An exact repetition of the data below, without images, is the expected answer.

── Extracted records

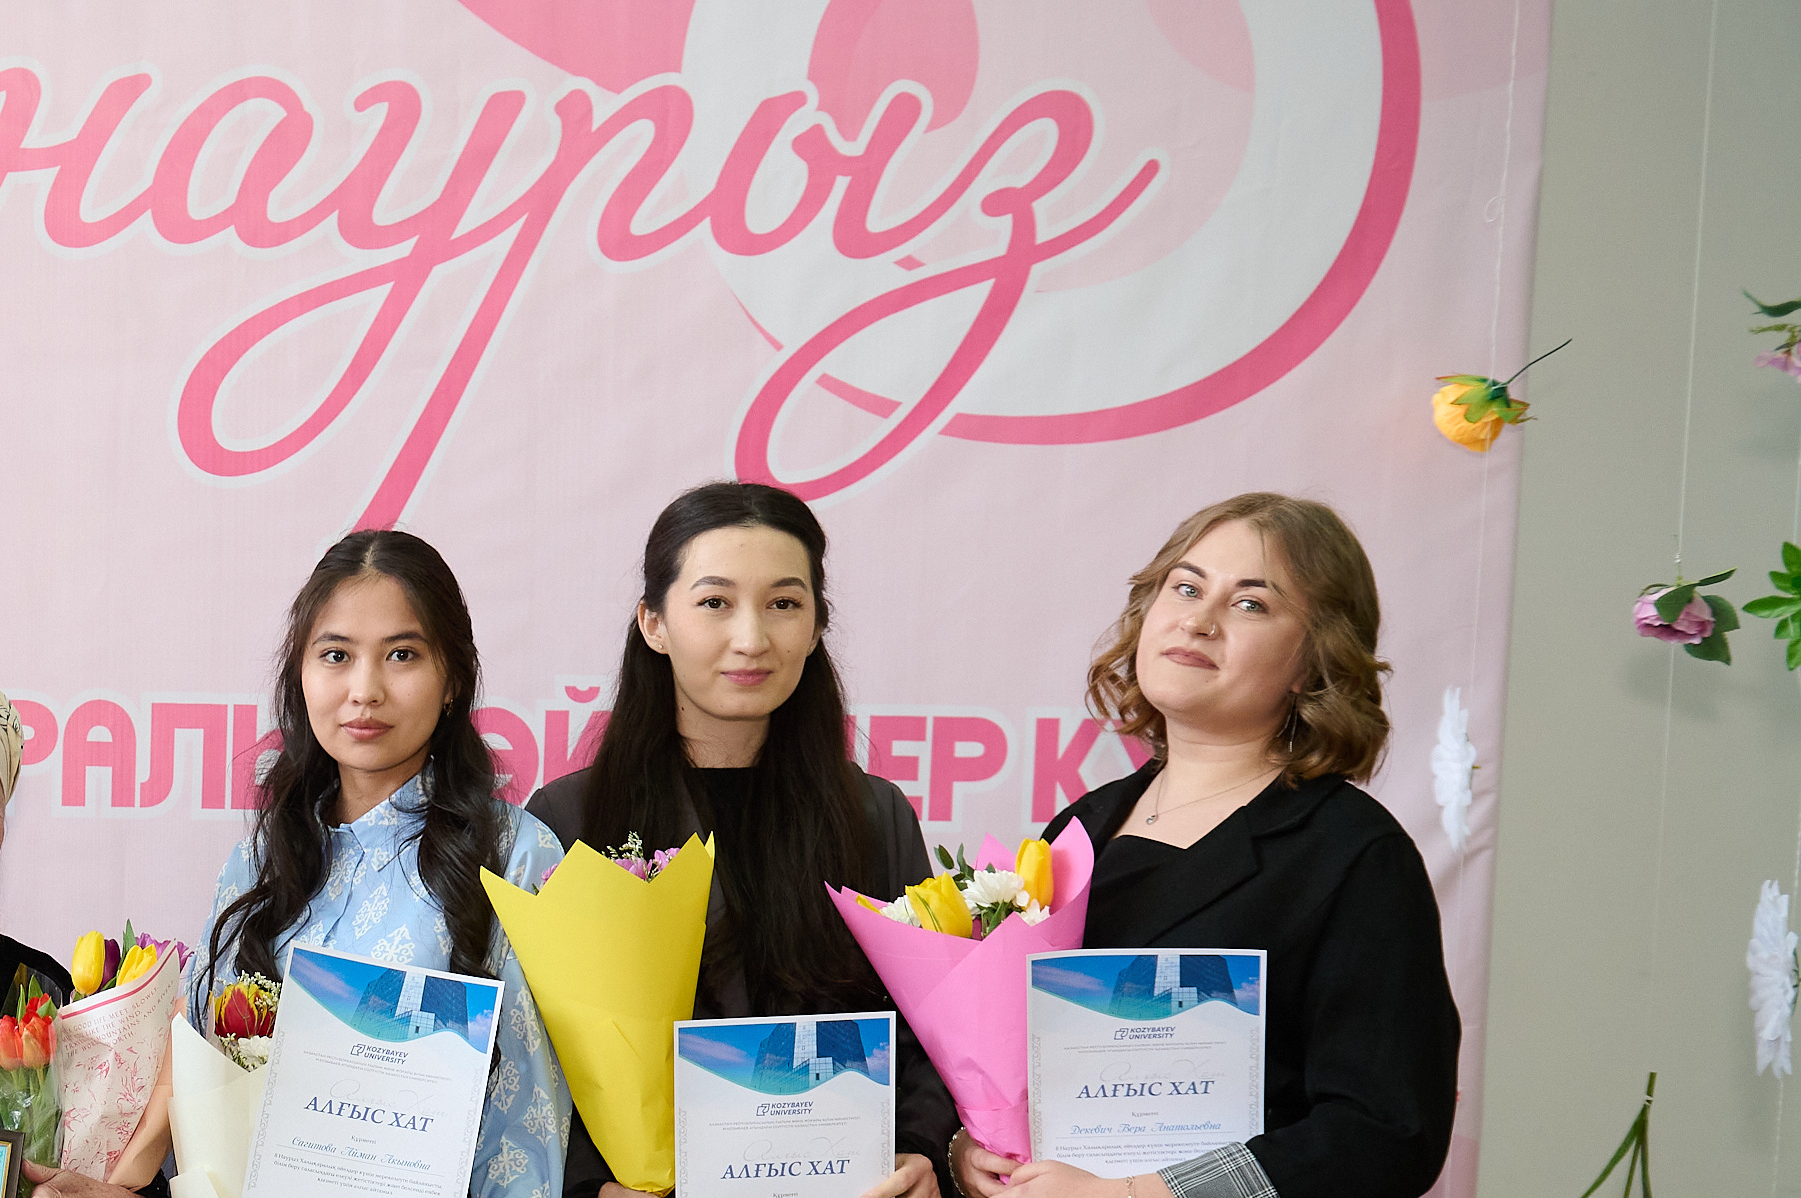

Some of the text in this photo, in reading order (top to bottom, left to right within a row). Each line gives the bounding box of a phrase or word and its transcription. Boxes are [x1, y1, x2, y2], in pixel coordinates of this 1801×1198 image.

[1129, 1032, 1174, 1040] UNIVERSITY
[365, 1045, 409, 1058] KOZYBAYEV
[364, 1052, 406, 1065] UNIVERSITY
[1075, 1080, 1215, 1099] АЛҒЫС ХАТ
[771, 1101, 814, 1109] KOZYBAYEV
[303, 1096, 385, 1124] АЛҒЫС
[387, 1111, 434, 1132] ХАТ
[770, 1108, 813, 1116] UNIVERSITY
[720, 1159, 850, 1179] АЛҒЫС ХАТ
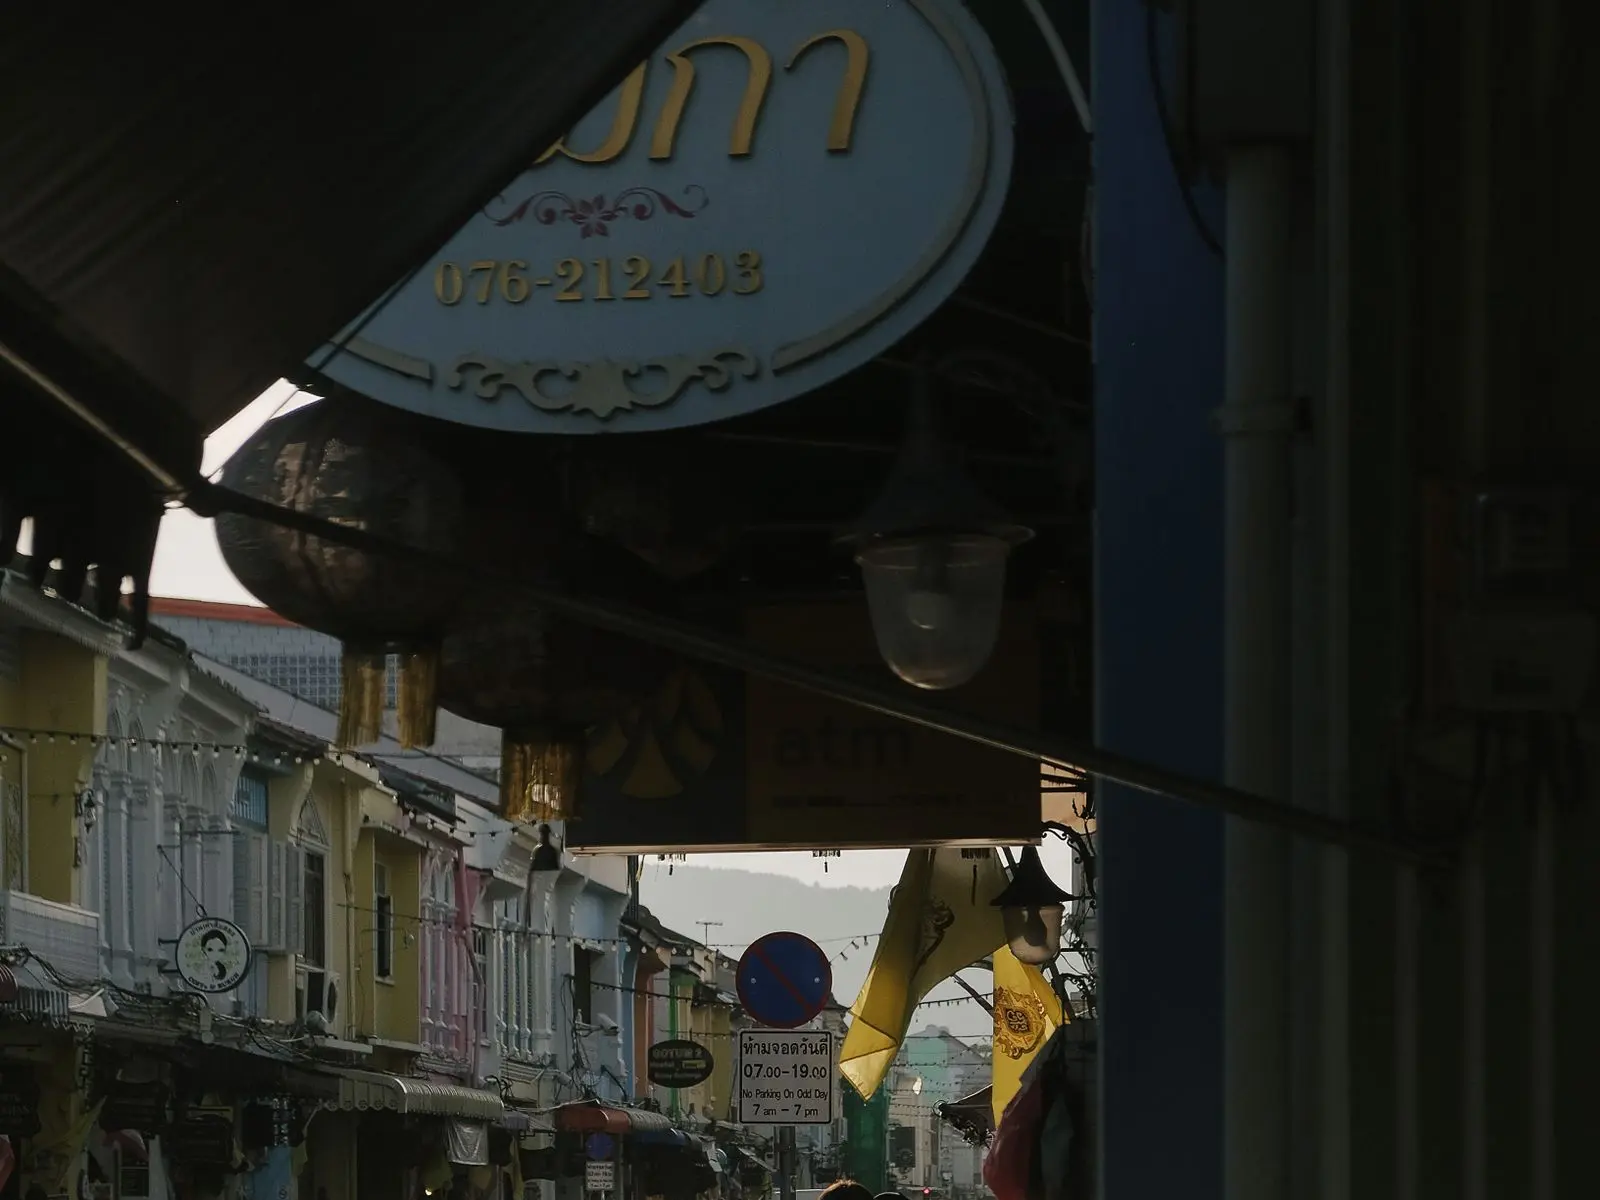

────

Result:
Some of the text in this photo, in reading order (top to bottom, left to right within a row). Each line gives the bounding box of a phrase or word and its transcription. Boxes are [x1, y1, x2, y2], in pixel coordinates of this 1801×1198 image.

[1129, 1032, 1174, 1040] UNIVERSITY
[365, 1045, 409, 1058] KOZYBAYEV
[364, 1052, 406, 1065] UNIVERSITY
[1075, 1080, 1215, 1099] АЛҒЫС ХАТ
[771, 1101, 814, 1109] KOZYBAYEV
[303, 1096, 385, 1124] АЛҒЫС
[387, 1111, 434, 1132] ХАТ
[770, 1108, 813, 1116] UNIVERSITY
[720, 1159, 850, 1179] АЛҒЫС ХАТ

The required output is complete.